## Data section
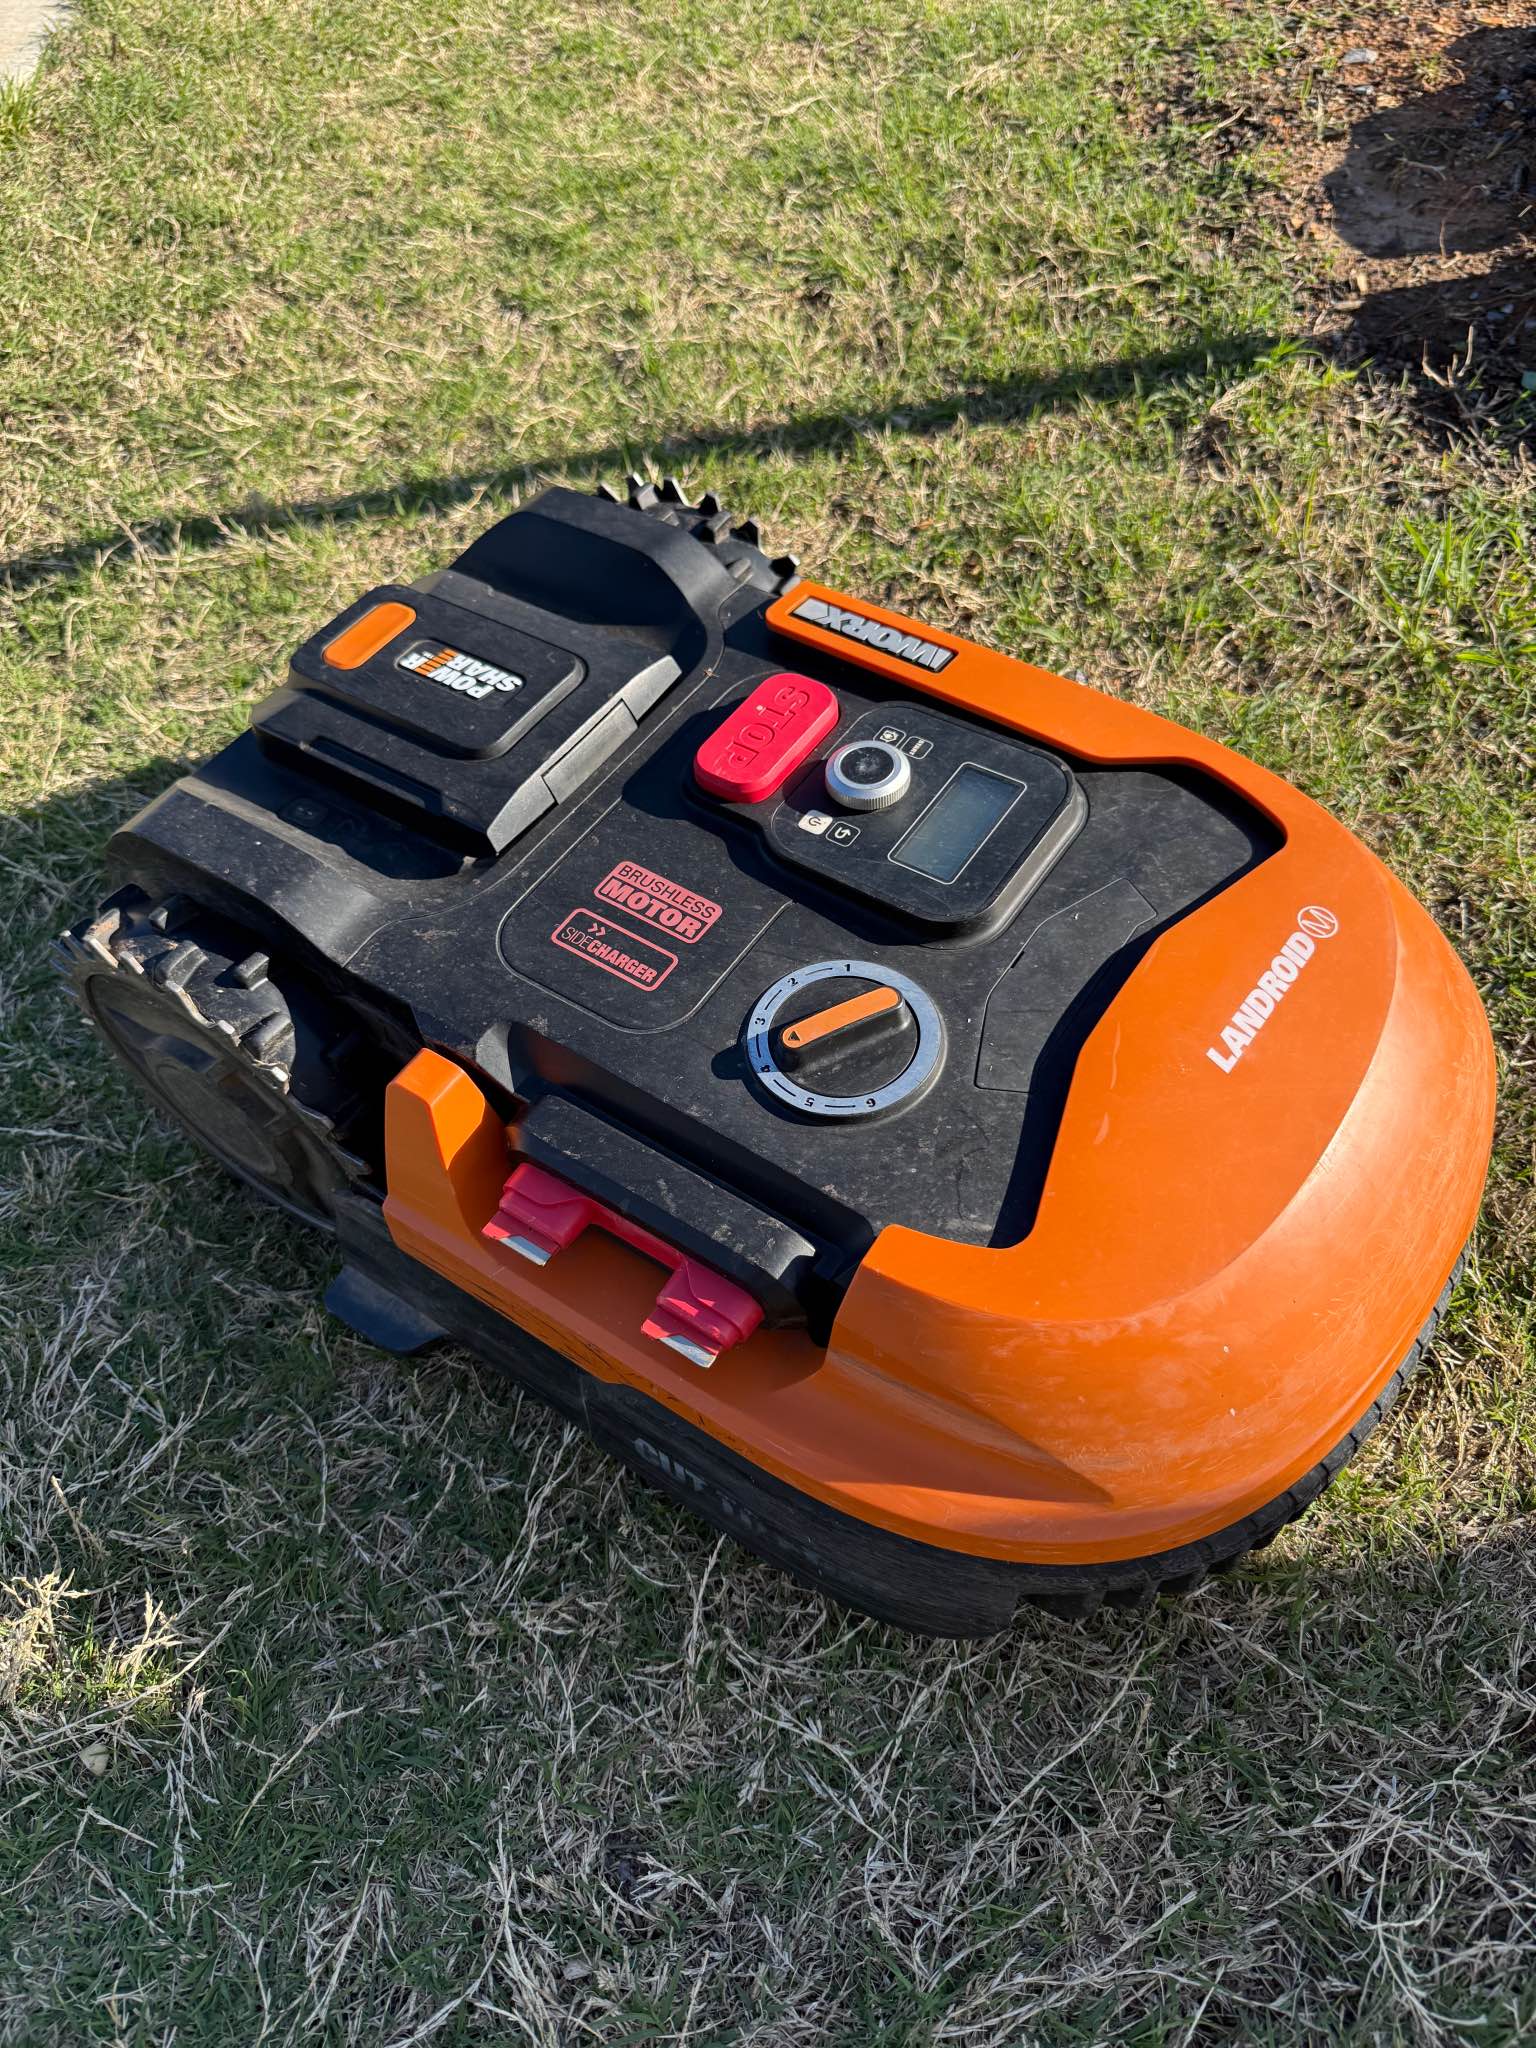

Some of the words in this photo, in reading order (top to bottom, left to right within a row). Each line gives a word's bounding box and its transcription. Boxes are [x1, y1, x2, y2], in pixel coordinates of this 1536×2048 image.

[793, 597, 953, 671] WORX
[726, 686, 810, 768] STOP
[617, 864, 716, 919] BRUSHLESS
[600, 877, 702, 939] MOTOR
[561, 926, 658, 983] SIDECHARGER
[844, 963, 851, 972] 1
[787, 977, 799, 987] 2
[1206, 931, 1316, 1075] LANDROID
[1298, 906, 1338, 938] M
[754, 1016, 766, 1026] 3
[759, 1064, 771, 1073] 4
[804, 1097, 815, 1107] 5
[866, 1098, 876, 1108] 6

## What you will do
Having removed the pictures, write out the records exactly as they stand.

## Answer box
Some of the words in this photo, in reading order (top to bottom, left to right within a row). Each line gives a word's bounding box and its transcription. Boxes are [x1, y1, x2, y2], in pixel coordinates of this 1536×2048 image.

[793, 597, 953, 671] WORX
[726, 686, 810, 768] STOP
[617, 864, 716, 919] BRUSHLESS
[600, 877, 702, 939] MOTOR
[561, 926, 658, 983] SIDECHARGER
[844, 963, 851, 972] 1
[787, 977, 799, 987] 2
[1206, 931, 1316, 1075] LANDROID
[1298, 906, 1338, 938] M
[754, 1016, 766, 1026] 3
[759, 1064, 771, 1073] 4
[804, 1097, 815, 1107] 5
[866, 1098, 876, 1108] 6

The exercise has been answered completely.